Sorry, but I think you need to take a step back a bit here.

I understand that you are concerned for your daughter and her well-being, but this is her life, and her mistake to make (if it is that).

I think I read somewhere that she is only 17? She sounds very mature for her age, but maybe if you are voicing your dislike of him or their relationship, it would just push her more towards him.

I was in almost the same position as you and your daughter. Only, my parents disliked my partner because I would always go running home everytime we had an argument, telling them my side of things, so they never heard his side of things. We ended up splitting up for a year, then getting back together. My mum only spoke to him again because I was ill with my crohns, and I text her saying I may live with him but I need her too. She was right up at my flat, and started talking to him then. My dad and brother only started speaking to him again at a family party, when they realised he wasnt going anywhere and I loved him.

Just make sure she knows you are there for her if she needs you. Dont act any different with him in public, because you will just make things difficult for her. If the relationship is as bad as it seems from your posts, she will really need your support sometime soon.

DonkeysDontRideBicycles · 02/07/2014 11:15

OP's DD was 17 when she mdt her boyfriend she is now 21 Gudgyx.

HenI5 · 02/07/2014 11:29

cyclerun
It is so hard when they are adults and you have to stand back and watch mistakes happen with no control! I will always be there for her no matter what, she knows this

It is extremely hard. It's horrible to stand by and watch your child making what most other people see as mistakes and it's such a change from when they're young and the decisions fall to you.
It's not that you want to control them, it's that you've had their lifetime of fixing things and making things right for them and then you're impotent.

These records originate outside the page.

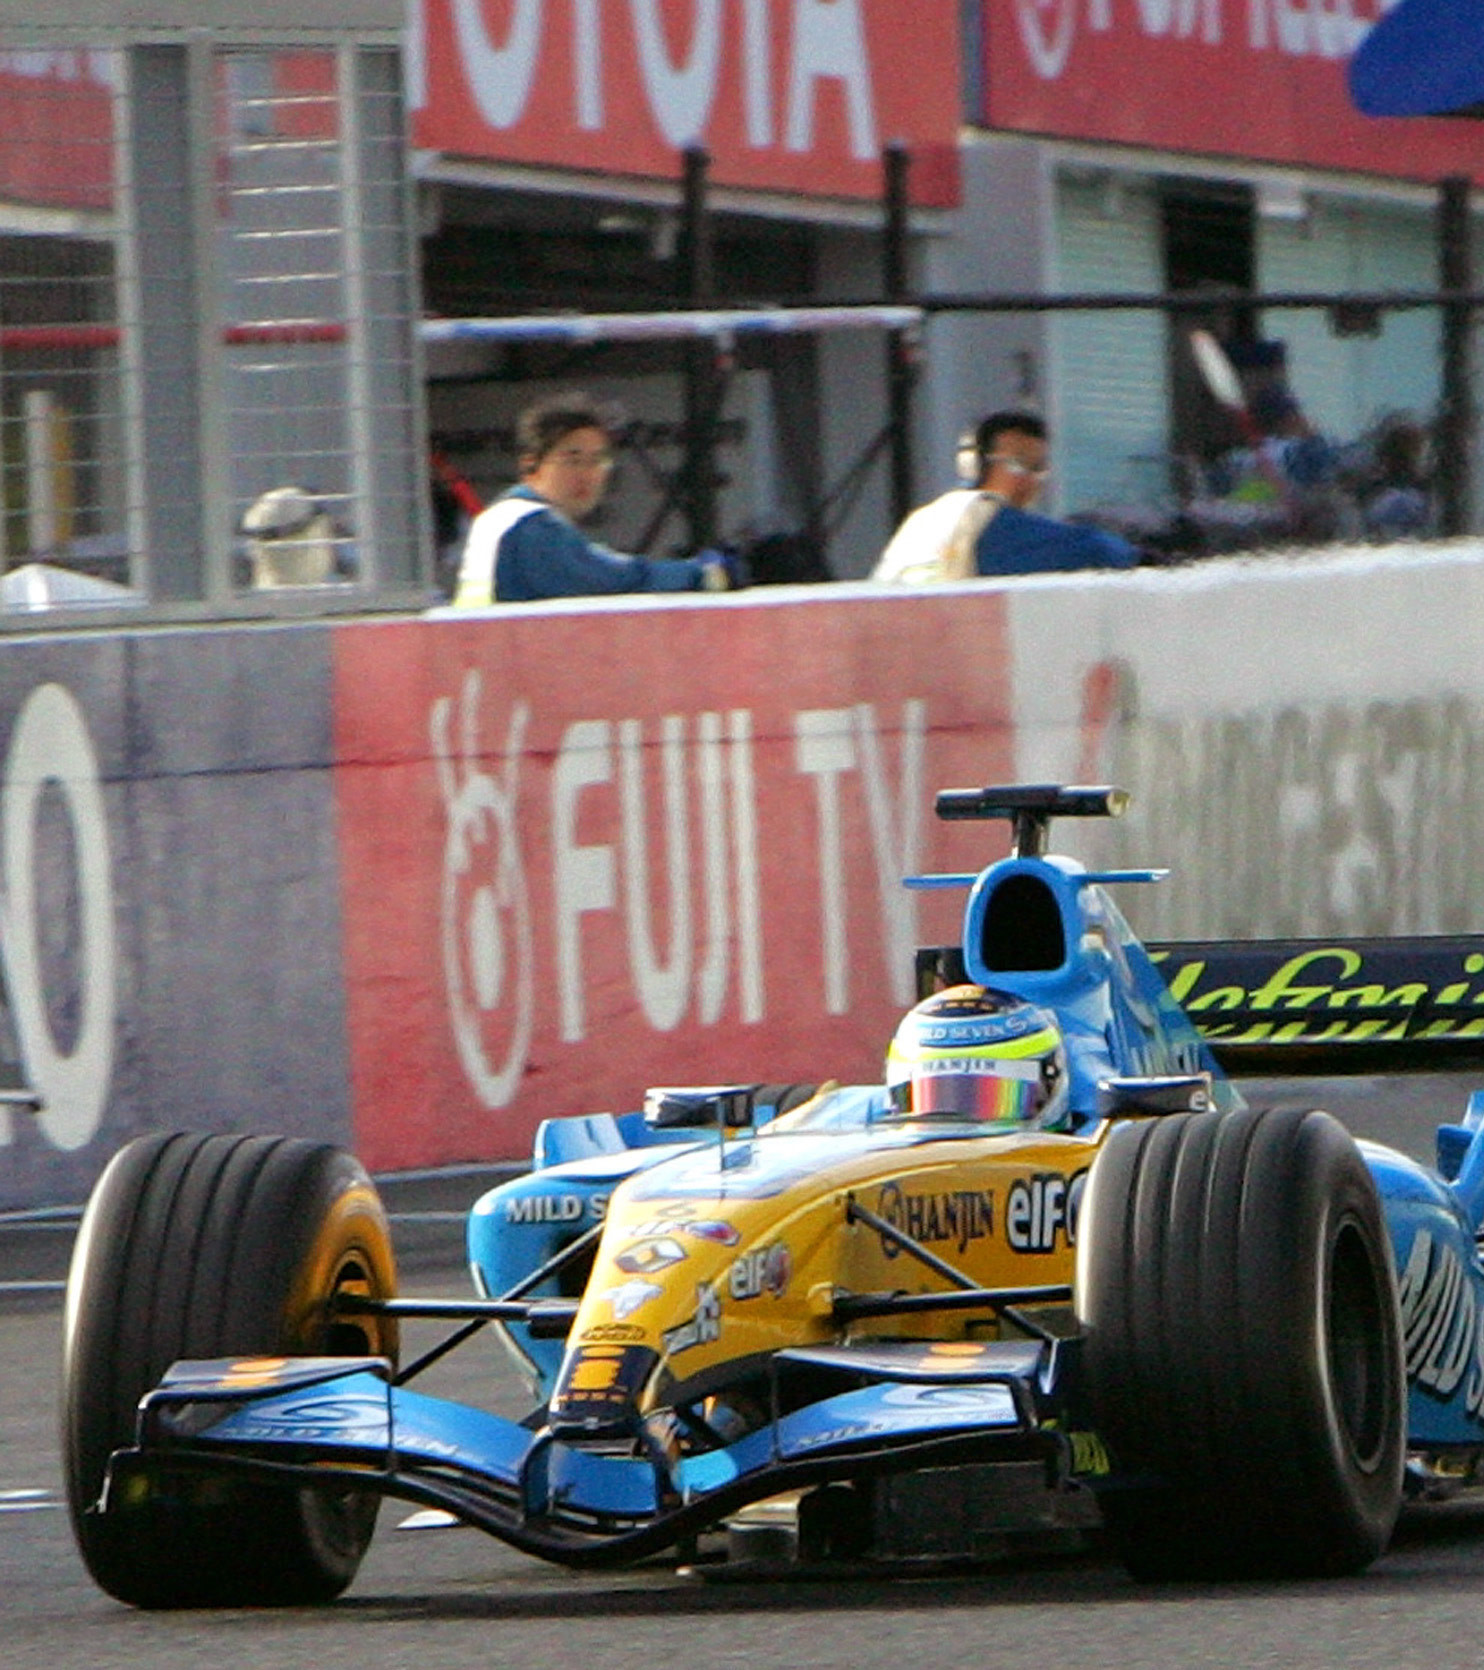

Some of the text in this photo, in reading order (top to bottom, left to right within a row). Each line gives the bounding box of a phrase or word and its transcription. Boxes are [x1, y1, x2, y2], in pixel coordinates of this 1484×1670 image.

[552, 698, 927, 1043] FUJI TV
[923, 1058, 996, 1073] HANJIN
[506, 1197, 582, 1222] MILD
[902, 1190, 994, 1253] HANJIN
[1007, 1173, 1066, 1253] elf
[730, 1254, 768, 1299] elf

At around the same ages I had a similar situation with DD but it was much more extreme and often quite scarey.
I had to steel myself to remain warm and welcoming to her, but to stay neutral and uncritical.
I won't go into all the gory details, but it was a dreadful time for all of us and it took a long time to come out of the other side.

The only thing you can do is bite your lip and stay calm. It's all her choice and she just needs to know she always has your support and not your criticism (even if it's subtle and only implied not outright)

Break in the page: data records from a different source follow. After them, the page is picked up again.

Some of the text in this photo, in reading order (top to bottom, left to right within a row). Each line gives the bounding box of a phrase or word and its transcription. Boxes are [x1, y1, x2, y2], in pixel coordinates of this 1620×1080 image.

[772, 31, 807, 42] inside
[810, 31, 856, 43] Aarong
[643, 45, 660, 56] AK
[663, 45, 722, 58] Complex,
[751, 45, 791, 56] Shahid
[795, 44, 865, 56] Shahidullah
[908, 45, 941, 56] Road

It's little comfort to you now if you have misgivings, but she is young and it's a huge learning part of her life as well as her formal education she will be maturing and taking in more than you think.

SolidGoldBrass · 02/07/2014 11:39

He's an abusive misogynist, you're not wrong there. But I think, as other posters have said, your DD is at the age where she doesn't want to admit that she's made a mistake, and also with awful men like this, the girl is desperately hoping that some day, somehow, she will find the Magic Button that will make him treat her well. As others said, all you can really do is be there for her. Perhaps provide distractions (eg trips away) and do stuff with her and, if you say anyhting about the shitbag, put it politely eg 'Well he doesn't want to come, so we'll go without him, never mind...'

Gudgyx · 02/07/2014 11:43

Thanks Donkeys :) that does make more since actually, since theyve been together 4 years, silly me!

hellsbellsmelons · 02/07/2014 11:53

all I want is for her to be loved and treated well
And you do this for her. Just keep doing this and be there for her.
Let her know you love her and want what's best for her.
Tell her how unhappy you are about it but that you won't interfere again.
It must be so hard.
I'm dreading this happening to my DD.

unrealhousewife · 02/07/2014 12:10

I think you should educate yourself about emotional abuse. Once you understand the minds of these men it will make it easier for you to tackle his mind games. I would certainly think it will put your daughter at an advantage to gain an understanding as well.

I think if she cuts you out at least you can say you have tried, and it might bring it to a head sooner. Being there in the background will make her think it's ok.

That was my experience anyway. I would be crying on my Mums shoulder but there was no advice or perspective. I was comforted for a bit and then went straight back to him.